March 13 roundup

  • Claimed prison guard punched him in face: “Man convicted in Chicago-area mass murder awarded $500,000” [WHAS, ABA Journal]
  • Ken White “immediately repulsed and enraged” by Mayer-Brown-repped suit seeking removal of Glendale, Calif. “comfort women” memorial [Popehat]
  • “Las Vegas: Man Sues Casino After $500k Loss ‘While Drunk'” [Sky News]
  • Regulators blame everyone but selves: “Drug Shortages Continue to Vex Doctors” [Sabrina Tavernese, NYT on GAO report, earlier here, here, etc., etc.]
  • Former Virginia attorney general Ken Cuccinelli to speak tomorrow on “dereliction of duty” of AGs who decline to defend laws deemed unconstitutional, hope someone brings up this and this [more background; and his successor Mark Herring’s view]
  • Oregon: “Portland State University will pay $161,500 to settle a lawsuit claiming it discriminated against disabled students who have service animals.” [AP/KOIN] Laws make it dangerous for business owners to draw line between legitimate, fake service dogs [L.A. Times]
  • Not The Onion: Canada telecoms regulator pushes XX cable channels to run more Canadian content [CBC, National Post]

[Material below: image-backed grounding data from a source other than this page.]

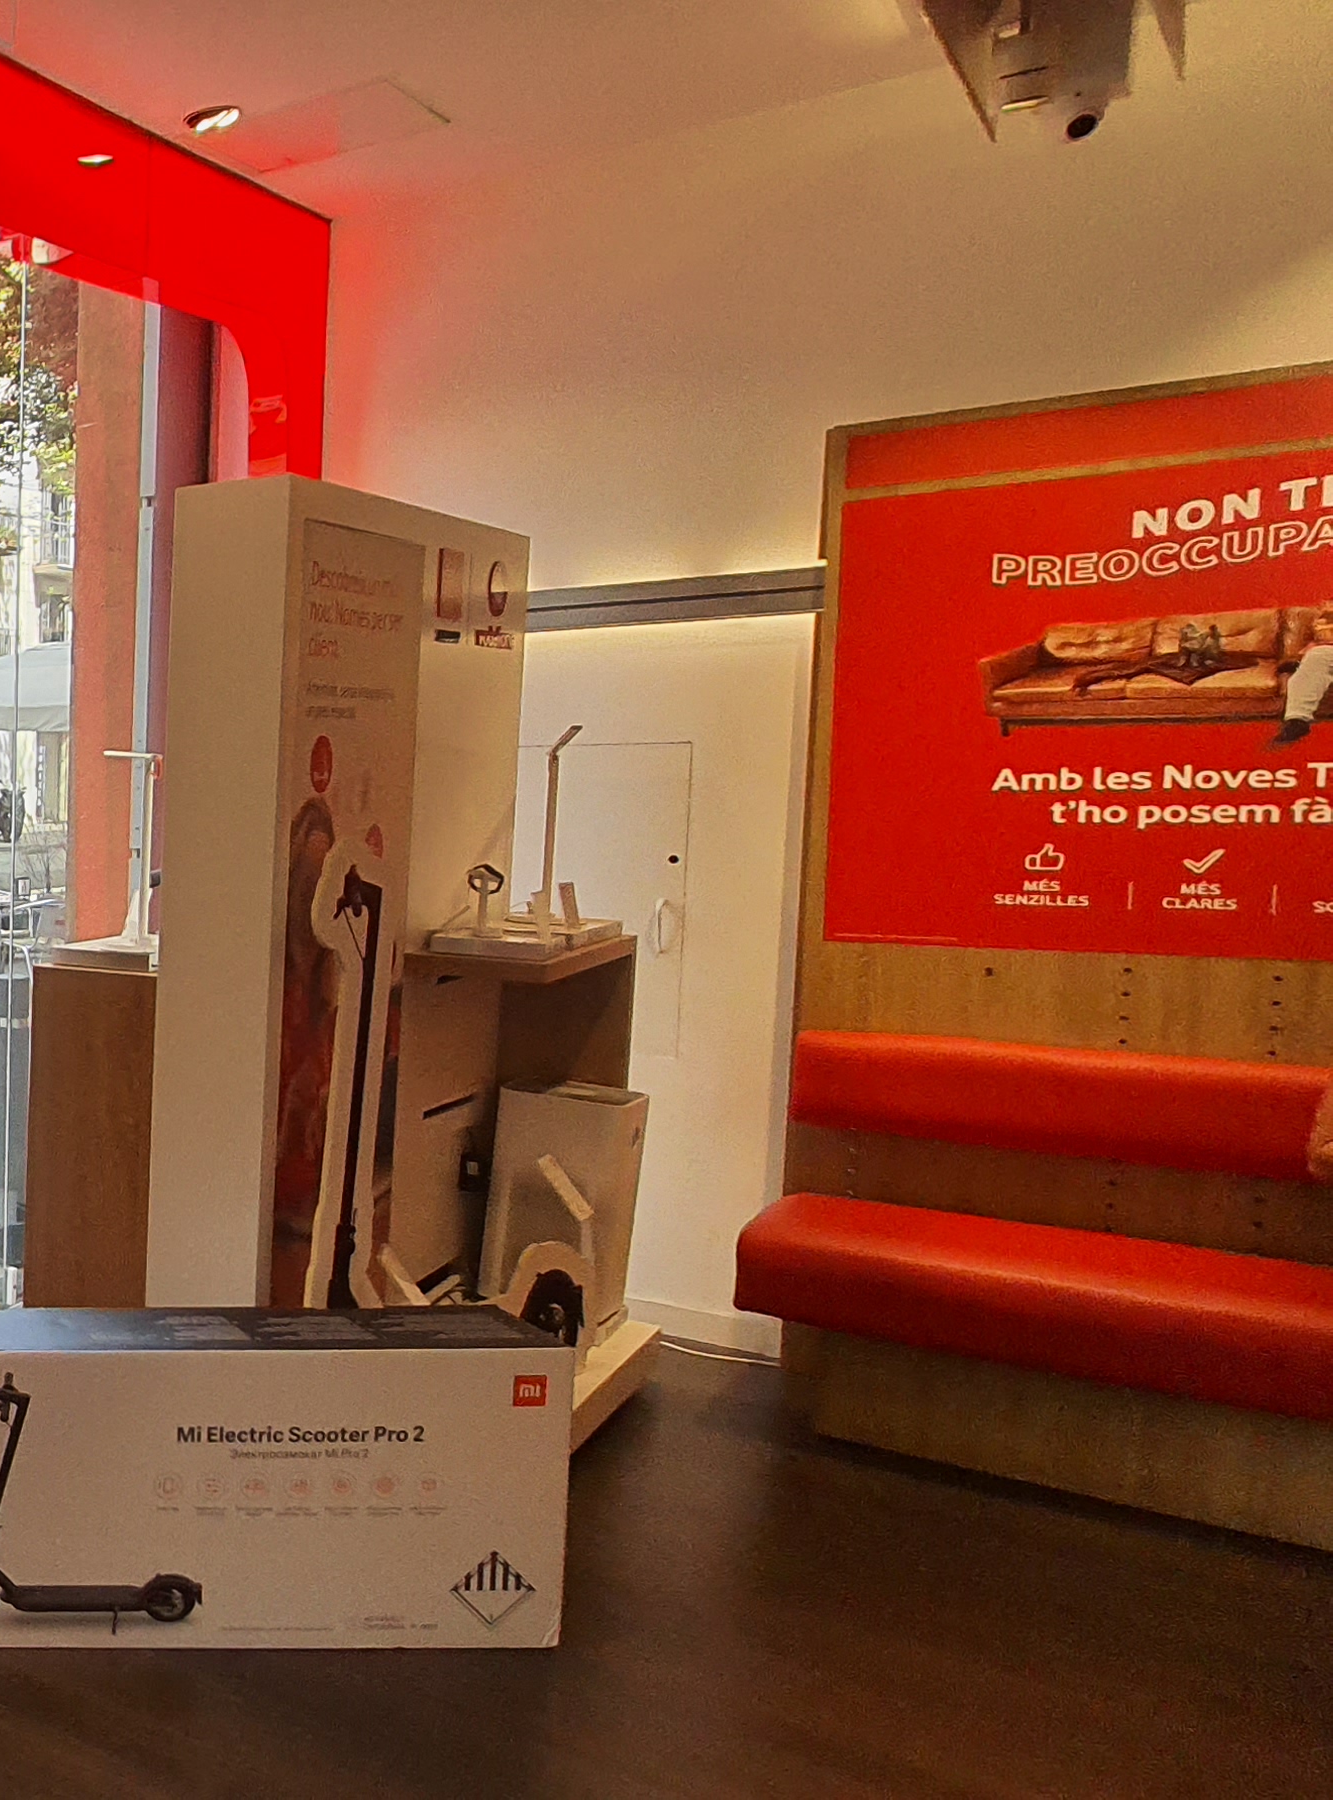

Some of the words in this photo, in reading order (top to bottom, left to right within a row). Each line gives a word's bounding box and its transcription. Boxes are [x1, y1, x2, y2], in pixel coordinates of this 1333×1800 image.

[1131, 487, 1261, 539] NON
[991, 767, 1083, 792] Amb
[1093, 766, 1153, 791] les
[1162, 764, 1298, 790] Noves
[1136, 802, 1280, 830] posem
[1022, 878, 1060, 892] MÉS
[1180, 881, 1221, 895] MÉS
[992, 893, 1089, 907] SENZILLES
[1161, 897, 1238, 911] CLARES
[176, 1426, 202, 1443] Mi
[207, 1426, 284, 1444] Electric
[288, 1426, 370, 1444] Scooter
[373, 1426, 409, 1444] Pro
[413, 1426, 425, 1443] 2

  • The description her of the Degorski lawsuit states that he “claimed prison guard punched him in face.”

    This wording connotes some skepticism as to the claim. But the claim is undisputed. In fact, the linked articles show that the prison guard (Thomas Wilson) concedes he beat Degorski, who had facial fractures and required metal plates.

    Why is this lawsuit included in this site? The award, $500K, is certainly not excessive for the injuries, which are of an objective nature. If anything, the award is low for the injuries and circumstances reported. And unlike most other tortious injury awards, there is no question of causality and no reason to doubt the merits of the claim based on the facts in the articles linked to.

  • asdfasdf,

    Most of us would consider 500K to be excessive for facial injuries, without some permanent disability like blindness. That’s more money than a lot of people get for wrongful deaths. There’s also the question of just what will a convicted mass murderer do with that money, since it’s likely he will never get out of prison.

    I’m also confused because the article said the guard was acquitted and found not guilty of any misconduct. Yet he concedes he beat the prisoner up. So how can these things both be true at the same time? There is some disconnect here.

  • So, what’s so unique about Canadian porn? Do the actors and actresses exclaim “eh” between groans of ecstasy – “Oh!”- “eh”- “God!” – “eh” ?

  • John Rohan,

    $500K seems reasonable (actually quite low) to me for a willful, unprovoked attack causing facial fractures. Just the cost of medical bills, not to mention pain and suffering and punitive damages, leaving aside future medical problems, disfigurement, and so on. Certainly there is no a priori reason to think the amount of the award is excessive, unlike typical awards on this site.

    It is true that the prison guard was acquitted, but this is not particularly probative of civil liability in this context. It is difficult to know why the verdicts in the civil and criminal trials were different without more information than was in the linked articles, but that difference is not surprising, given the different evidentiary rules, prosecuting lawyers, and burdens of proof.

    Finally, you write that you are “confused” that the guard conceded beating the prisoner. As explained in both linked articles, the guard asserted self-defense (prisoner claimed attack was unprovoked).

    None of this addresses the question in my post: why is this story, with that headline, on overlawyered? Is there some insinuation about the verdict, and, if so, what?

  • The “dereliction of duty” view suffers from the same problem as rulings requiring bakers or photographers to serve customers they don’t want to serve: all three will simply do their jobs badly, and the people claiming a “right” to their services will have gained nothing except to show the world that they are jerks.

    This is why the Supreme Court’s ruling that authors of initiatives have no standing needs to be overturned, even if it takes constitutional change.

  • asdfasdf ,

    Whether the award is excessive or not is a matter of opinion. However, current and future medical bills are not a factor here. As an inmate for life, Degorski’s health care is fully covered by the Bureau of Prisons.